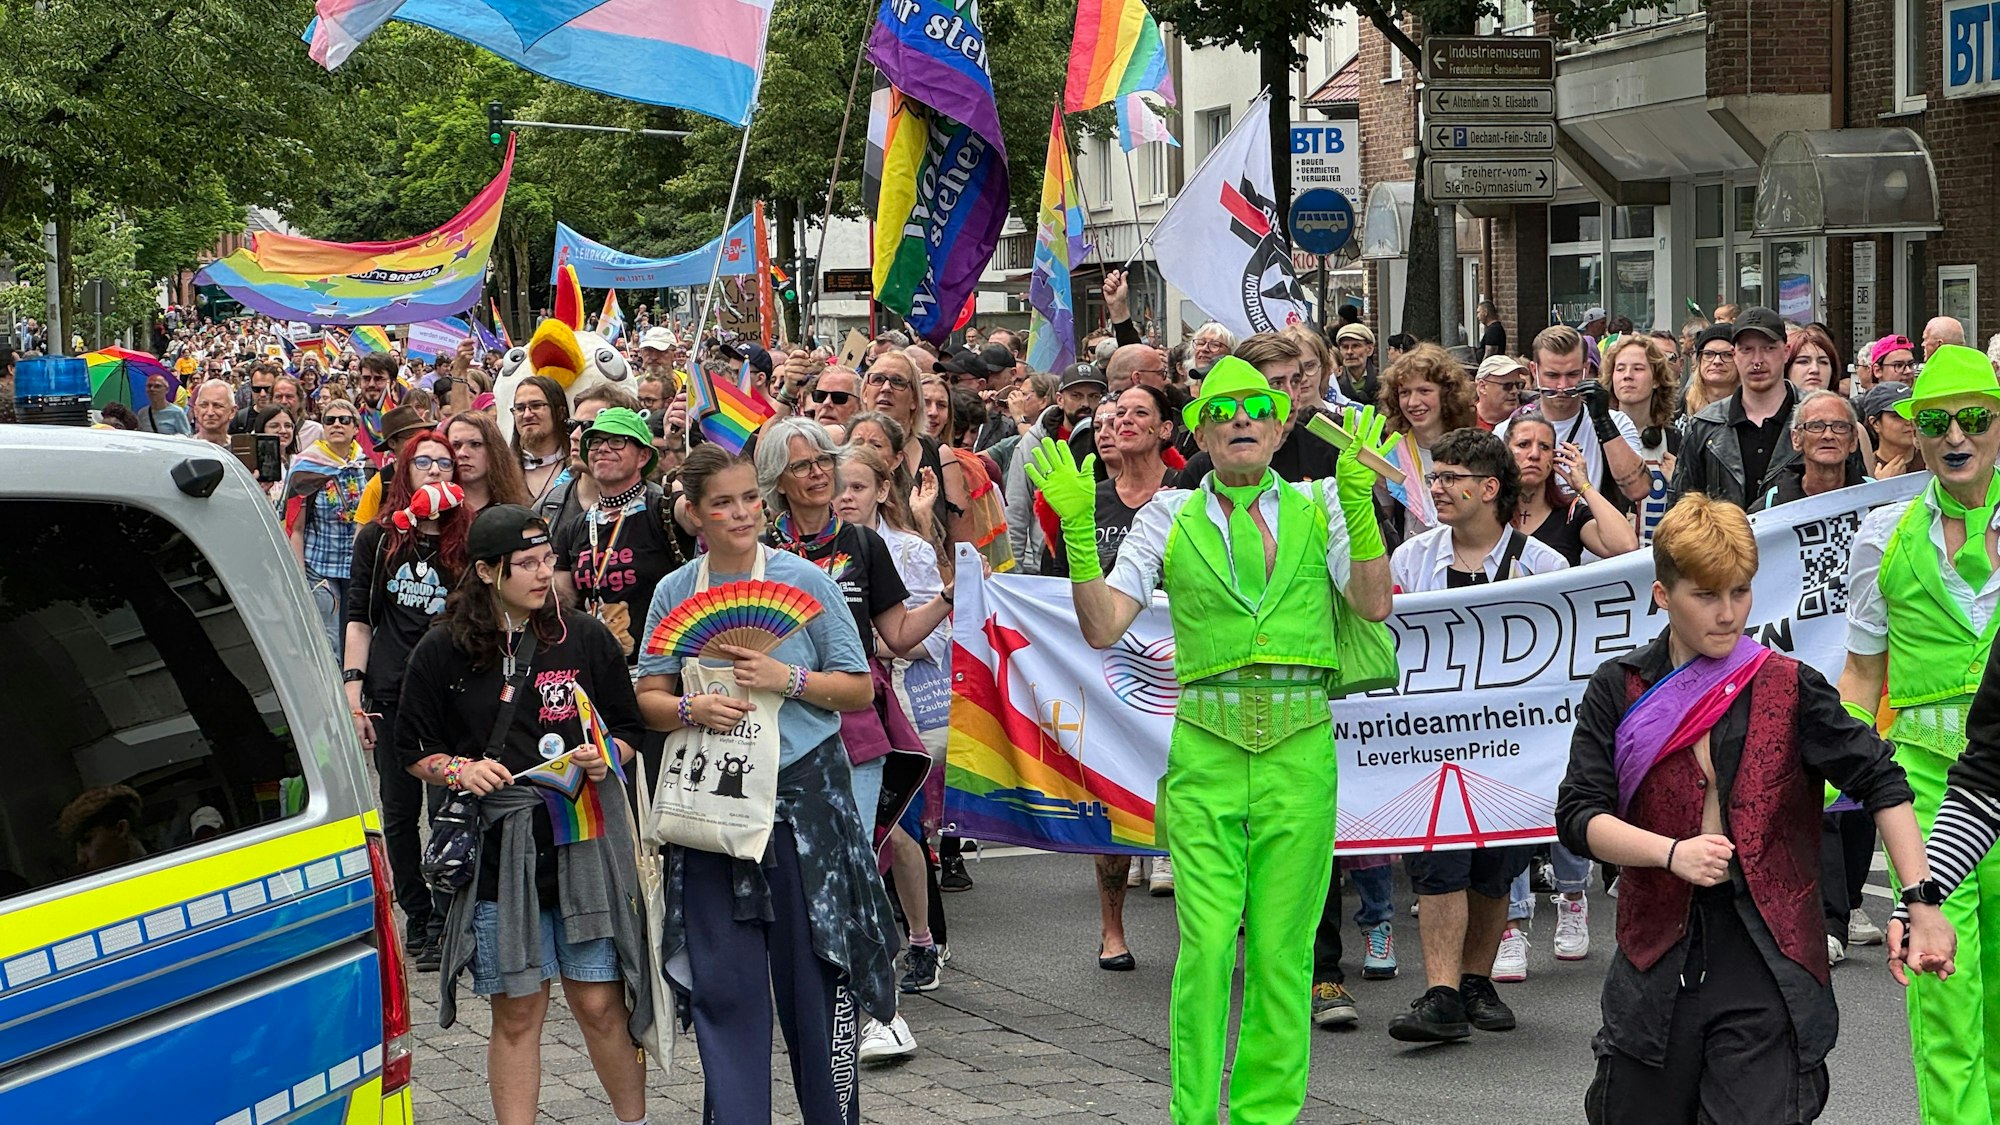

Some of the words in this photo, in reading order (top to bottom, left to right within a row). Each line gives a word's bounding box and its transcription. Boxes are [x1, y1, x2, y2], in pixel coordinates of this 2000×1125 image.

[1950, 2, 2000, 87] BT
[1448, 44, 1541, 59] Industriemuseum
[1449, 63, 1493, 74] Freudenthaler
[1452, 95, 1489, 108] Altenheim
[1492, 95, 1503, 108] St.
[1505, 95, 1539, 108] Elisabeth
[1290, 127, 1345, 154] BTB
[1470, 131, 1547, 144] Dechant-Fein-Straße
[1301, 158, 1324, 166] BAUEN
[1301, 167, 1340, 175] VERMIETEN
[1461, 165, 1532, 178] Freiherr-vom-
[1301, 175, 1342, 183] VERWALTEN
[1444, 181, 1532, 195] Stein-Gymnasium
[1782, 207, 1791, 222] 19
[577, 547, 634, 569] Free
[399, 579, 435, 597] PROUD
[396, 592, 431, 609] PUPPY
[843, 595, 863, 603] kusen
[915, 693, 932, 703] aus
[1357, 739, 1520, 767] LeverkusenPride

■ **Activity**
Go through the listing above and retype it exactly, skipping every picture.

■ **Result of this task**
Some of the words in this photo, in reading order (top to bottom, left to right within a row). Each line gives a word's bounding box and its transcription. Boxes are [x1, y1, x2, y2], in pixel coordinates of this 2000×1125 image.

[1950, 2, 2000, 87] BT
[1448, 44, 1541, 59] Industriemuseum
[1449, 63, 1493, 74] Freudenthaler
[1452, 95, 1489, 108] Altenheim
[1492, 95, 1503, 108] St.
[1505, 95, 1539, 108] Elisabeth
[1290, 127, 1345, 154] BTB
[1470, 131, 1547, 144] Dechant-Fein-Straße
[1301, 158, 1324, 166] BAUEN
[1301, 167, 1340, 175] VERMIETEN
[1461, 165, 1532, 178] Freiherr-vom-
[1301, 175, 1342, 183] VERWALTEN
[1444, 181, 1532, 195] Stein-Gymnasium
[1782, 207, 1791, 222] 19
[577, 547, 634, 569] Free
[399, 579, 435, 597] PROUD
[396, 592, 431, 609] PUPPY
[843, 595, 863, 603] kusen
[915, 693, 932, 703] aus
[1357, 739, 1520, 767] LeverkusenPride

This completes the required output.